Se l’interesse dell’Istituto di Liturgia Pastorale di Padova è volto all’indagine circa la capacità dell’uomo di celebrare, oltre ogni riduzione contenutistica dei riti, il volume – intitolato “La liturgia manomessa” (ed. Clv) – tenta di confrontare la pretesa di immediatezza tipica del clima culturale contemporaneo con le caratteristiche del linguaggio rituale quale mediazione umana per fare esperienza del mistero. Presumere di fornire concetti o istanze sociali servendosi in modo arbitrario del rito crea le condizioni per possibili abusi. Infatti, la disobbedienza alla norma liturgica per favorire il potere personale è l’esito di un’incomprensione del senso teologico ed ecclesiale del rito. In questo la forma rituale è semplicemente strumentale e non più generatrice di esperienza spirituale. Secondo questo punto di vista non sarebbero i contenuti a scaturire dalla forma celebrativa, ma la forma non sarebbe altro che la trasposizione di contenuti prodotti a monte rispetto ad essa. La liturgia verrebbe ridotta ad un contenitore di nozioni il più delle volte irriconoscibile nel mutare dei contesti e delle assemblee.
Presidenza liturgica troppo invadente
Il volume che sarà presentato giovedì 10 analizza anche il fenomeno delle distorsioni della presidenza liturgica. Una sorta di “presenza invadente” di chi guida la celebrazione che interferisce con l’esperienza spirituale del rito.
Anche la tendenza a riprodurre e rilanciare mediaticamente le celebrazioni liturgiche rischia di trasformarle.

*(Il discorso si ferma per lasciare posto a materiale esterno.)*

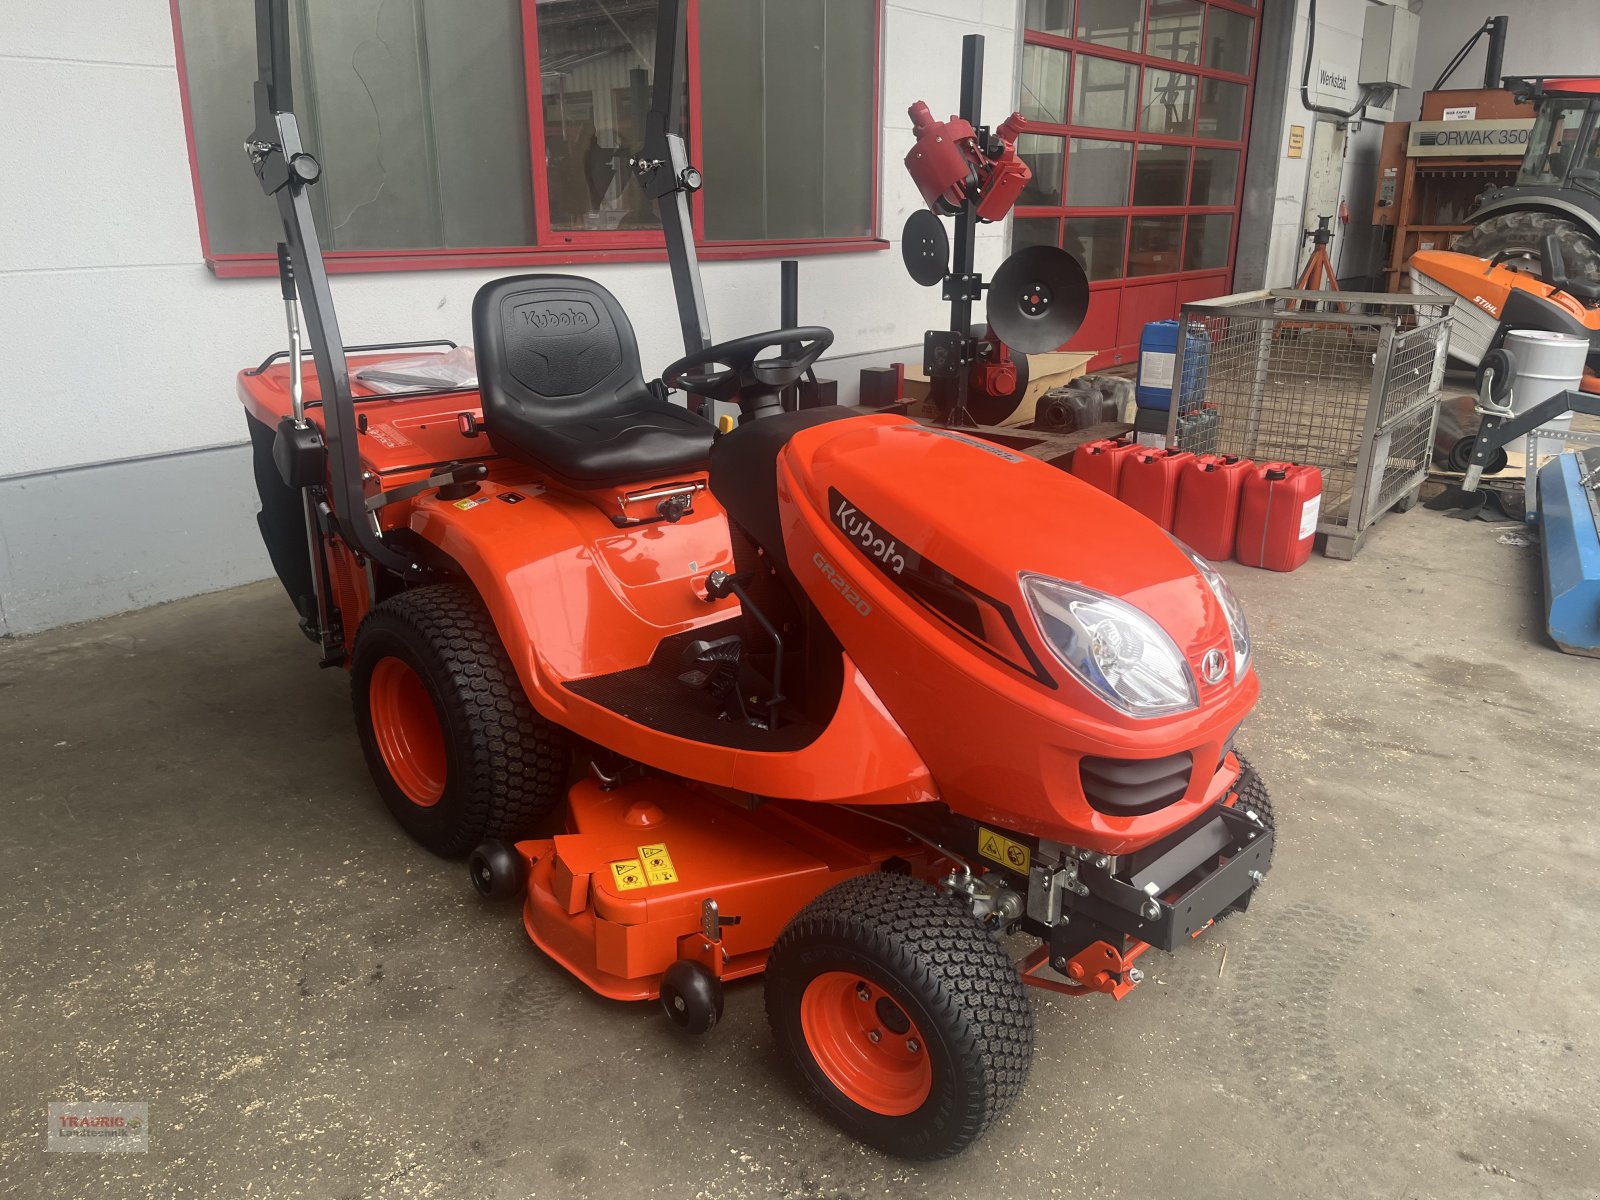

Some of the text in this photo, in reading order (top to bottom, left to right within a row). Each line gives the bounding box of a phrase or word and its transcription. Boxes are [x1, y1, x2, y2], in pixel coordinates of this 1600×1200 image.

[1320, 69, 1347, 91] Werkstatt
[1436, 131, 1495, 145] ORWAK
[1473, 295, 1497, 315] STIHL
[522, 308, 588, 329] Kubota
[836, 500, 905, 575] Kubota
[812, 551, 873, 617] GR2120

Quando la liturgia diventa un “set”
Un fattore di particolare manomissione consiste nella trasmissione mediatica della liturgia. Il bisogno di “riprendere” e “trasmettere” l’evento denso e significativo del rito è un’esigenza che interpella i credenti. È quanto mai necessario un equilibrio da parte dei mezzi di comunicazione contemporanei, soprattutto in questa epoca dominata dai social, al fine di salvaguardare l’identità della liturgia vissuta nel corpo e nel tempo. La trasformazione di una celebrazione in un “set” snatura il senso della liturgia poiché passano in secondo piano le azioni e le emozioni ed emerge la loro descrizione mediatica, sempre in seconda battuta rispetto al rito vissuto.

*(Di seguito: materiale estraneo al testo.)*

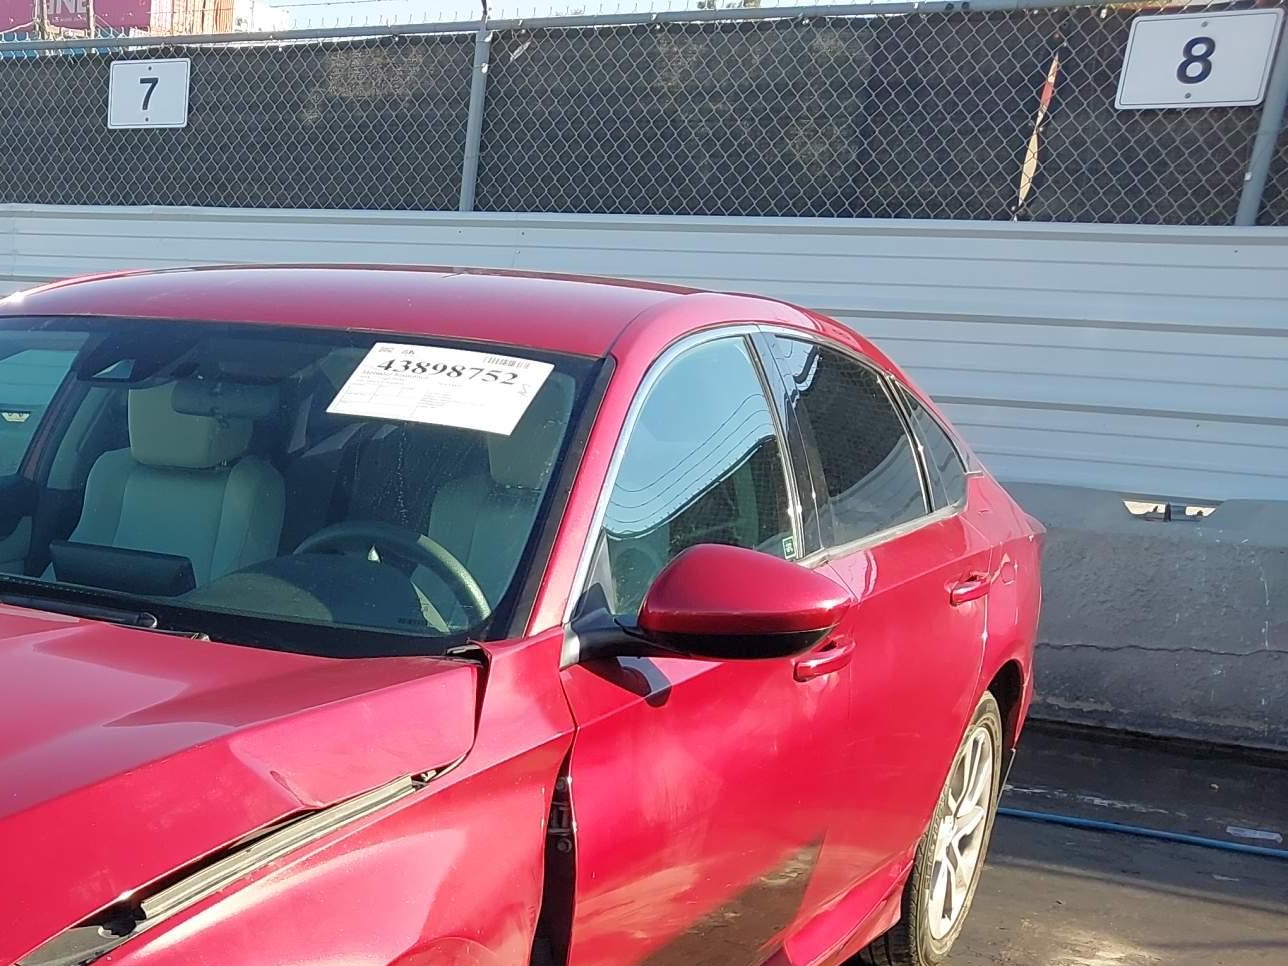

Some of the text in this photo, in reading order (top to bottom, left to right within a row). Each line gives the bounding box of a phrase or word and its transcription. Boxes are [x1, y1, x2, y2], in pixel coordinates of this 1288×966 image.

[1176, 36, 1216, 84] 8
[139, 77, 159, 111] 7
[376, 359, 519, 385] 43898752

La riduzione della celebrazione ad una scena da catalogare e di cui potersi appropriare sorpassa la realtà del corpo e trascura la percezione. La fede, invece, si sostanzia di azioni vissute nel presente da un’assemblea convocata e animata dallo Spirito.

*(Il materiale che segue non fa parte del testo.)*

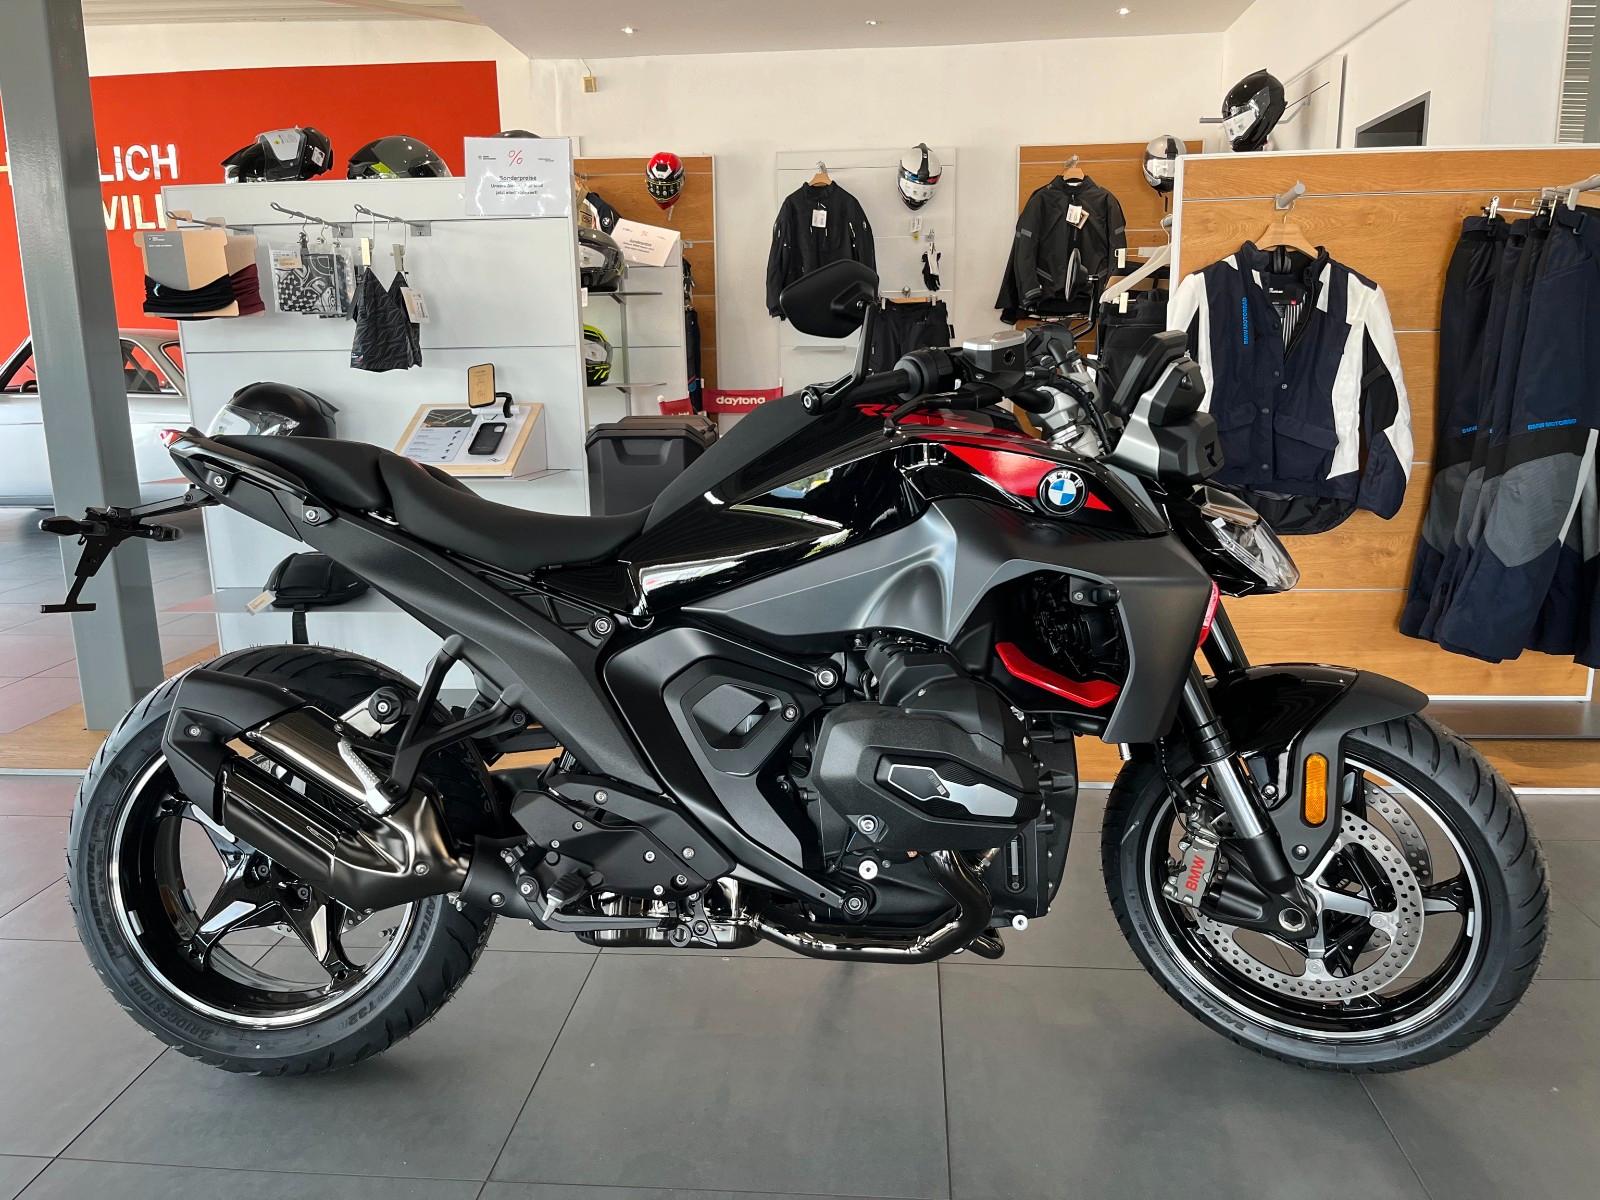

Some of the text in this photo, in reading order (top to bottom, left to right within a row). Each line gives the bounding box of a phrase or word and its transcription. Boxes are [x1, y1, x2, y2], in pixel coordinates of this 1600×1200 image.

[715, 395, 766, 406] daytona
[1047, 470, 1083, 488] BMW
[1185, 854, 1205, 891] BMW

Liturgia, evento nel quale si è immersi
Il delicato equilibrio tra il rito compiuto e il rito trasmesso sta proprio nella consapevolezza da parte dei credenti che la liturgia è un evento nel quale si è immersi. Ritoranre ad essa attraverso una sua ripèroduzione mediatica è un espediente che non può eguagliare la ricchezza della partecipazione vissuta in pienezza.